| Given data |

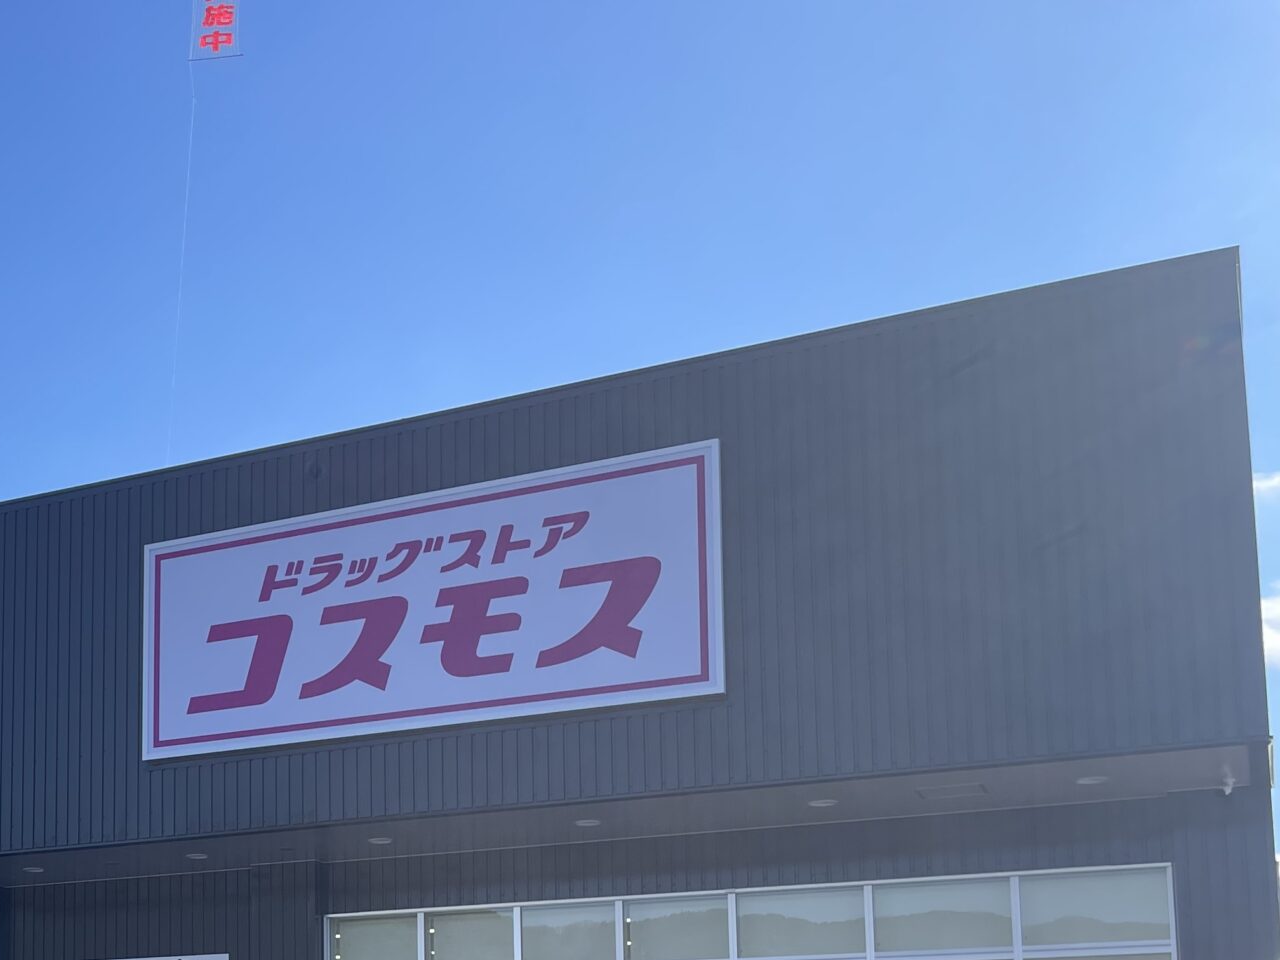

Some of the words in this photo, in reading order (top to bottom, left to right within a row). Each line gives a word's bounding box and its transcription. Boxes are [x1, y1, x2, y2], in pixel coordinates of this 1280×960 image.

[200, 0, 234, 52] 施中
[258, 511, 590, 602] ドラッグストア
[187, 556, 662, 714] コスモス
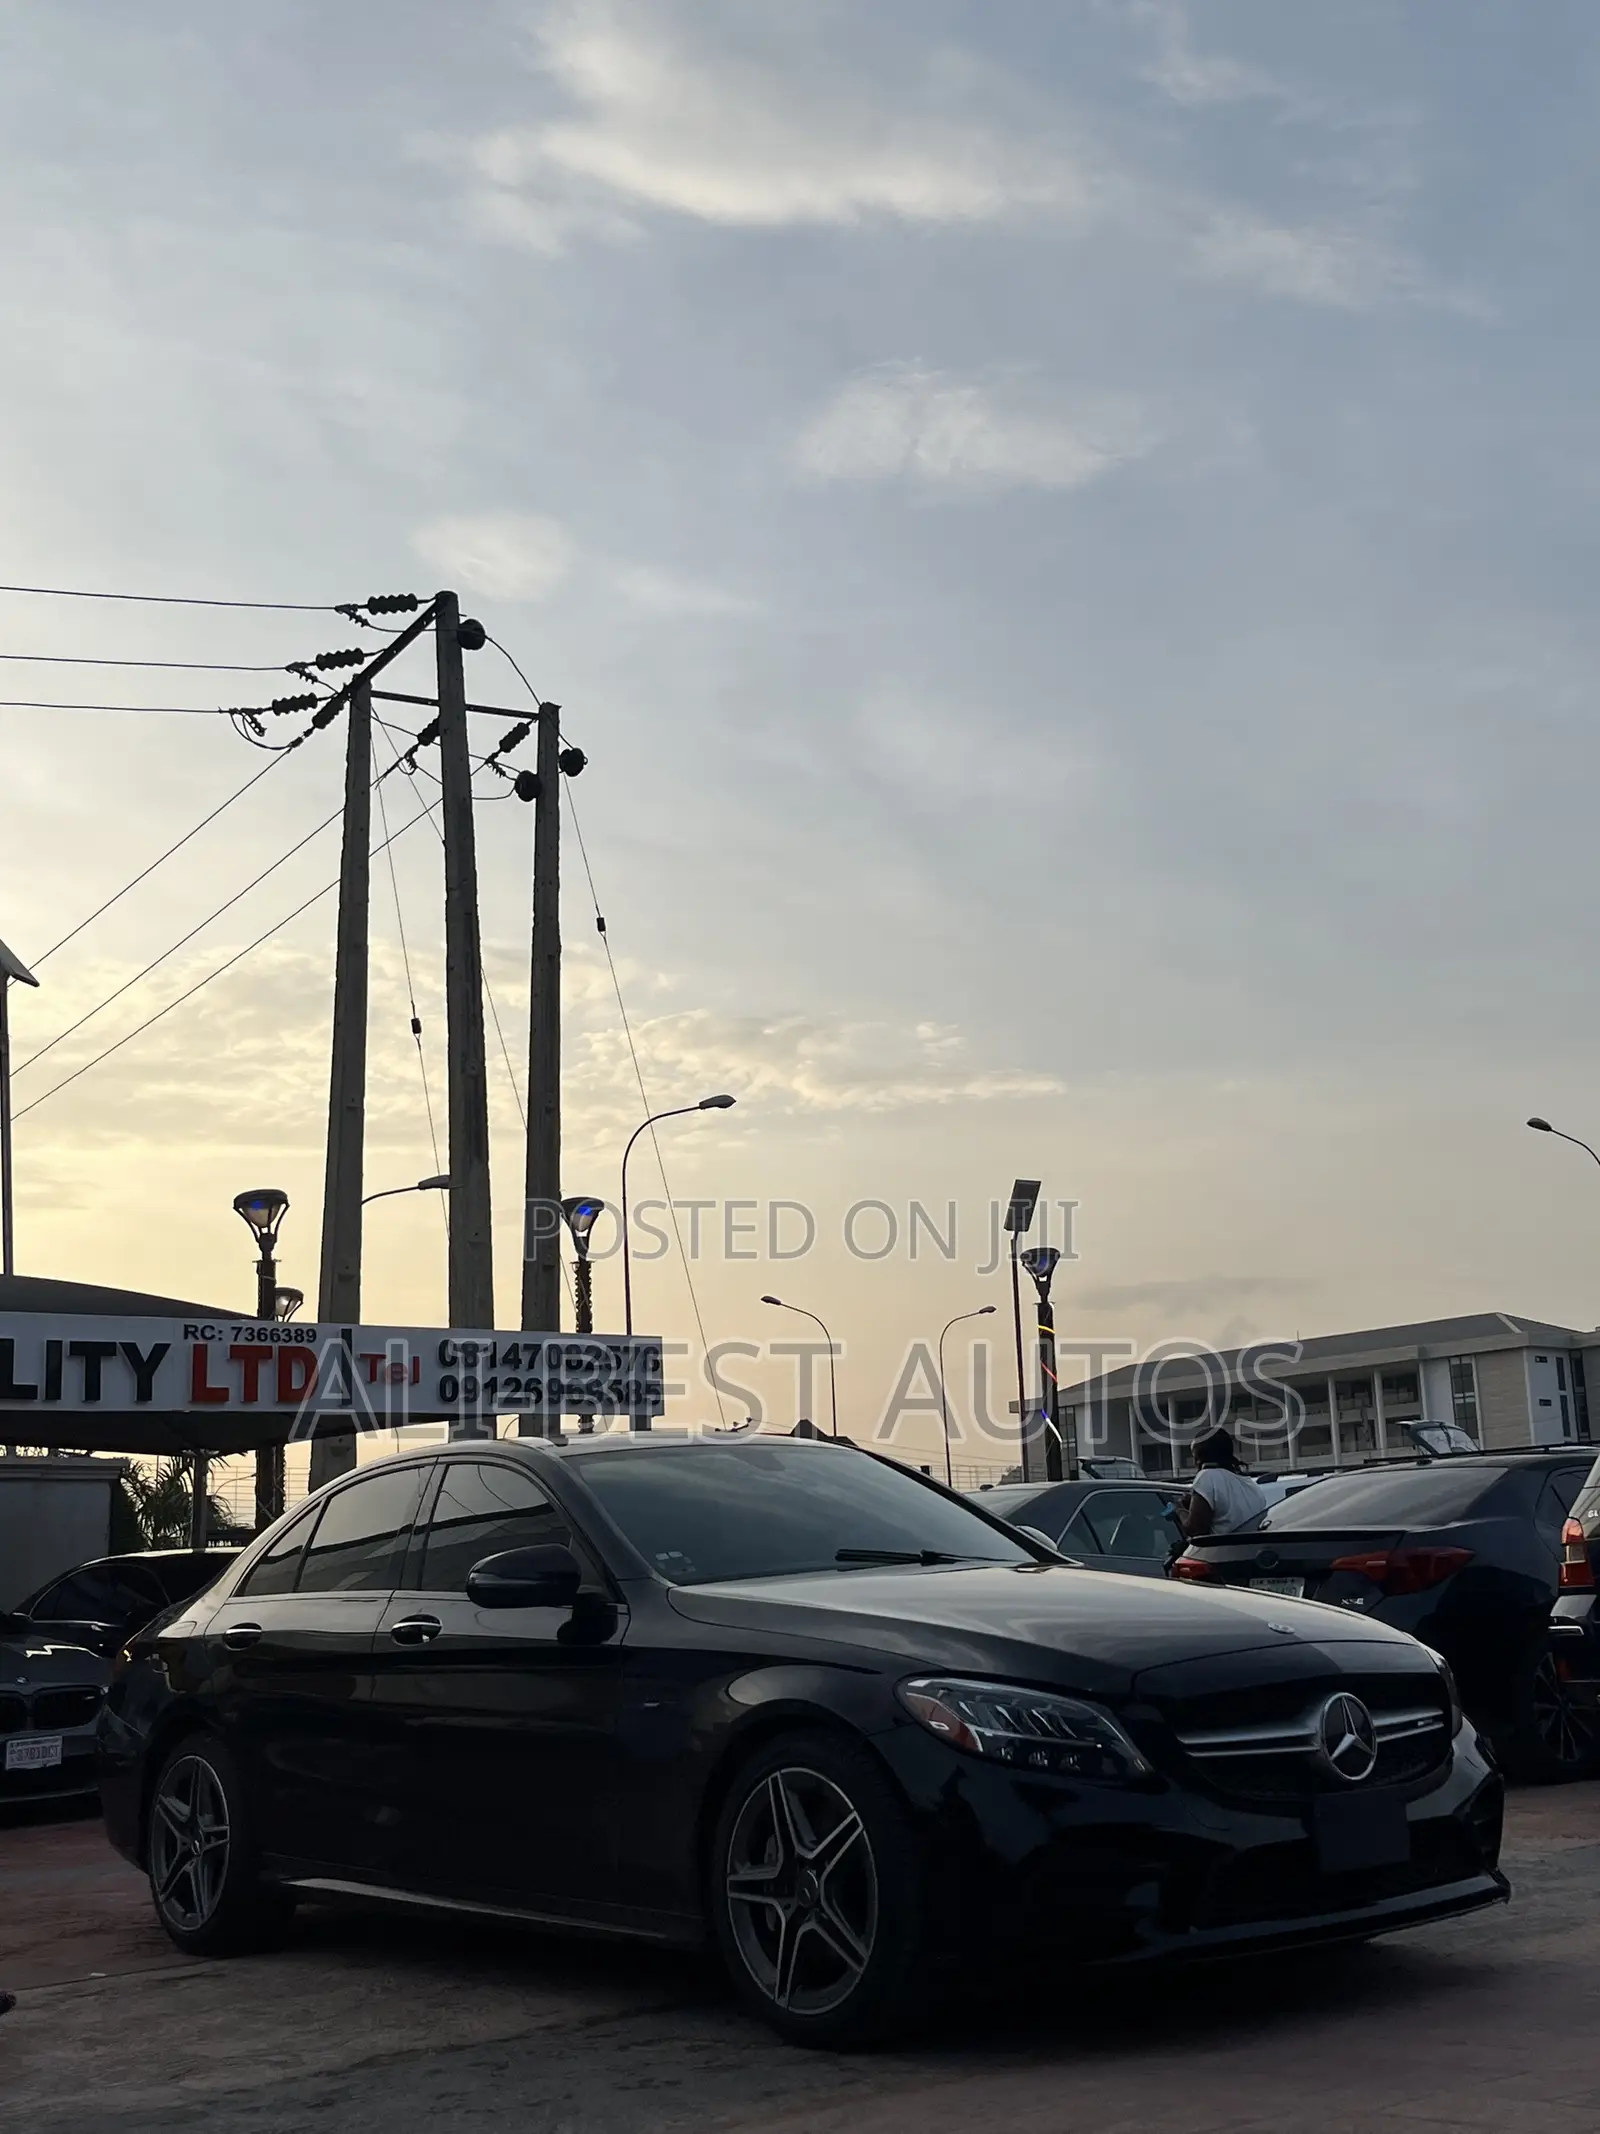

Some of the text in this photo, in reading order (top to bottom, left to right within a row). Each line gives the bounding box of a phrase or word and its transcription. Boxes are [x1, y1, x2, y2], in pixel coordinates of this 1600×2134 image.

[183, 1324, 318, 1344] RC: 7366389
[0, 1337, 319, 1405] LITY LTD
[359, 1353, 420, 1385] Tel

| The task |
Output the material word for word, and keep the pictures out.

| Answer to this exercise |
Some of the words in this photo, in reading order (top to bottom, left to right within a row). Each line gives a word's bounding box and its transcription. Boxes are [x1, y1, x2, y2], in pixel coordinates of this 1280×960 image.

[200, 0, 234, 52] 施中
[258, 511, 590, 602] ドラッグストア
[187, 556, 662, 714] コスモス

Some of the text in this photo, in reading order (top to bottom, left to right within a row). Each line gives the bounding box of a phrase or word and its transcription. Boxes are [x1, y1, x2, y2], in pixel coordinates of this 1600×2134 image.

[183, 1324, 318, 1344] RC: 7366389
[0, 1337, 319, 1405] LITY LTD
[359, 1353, 420, 1385] Tel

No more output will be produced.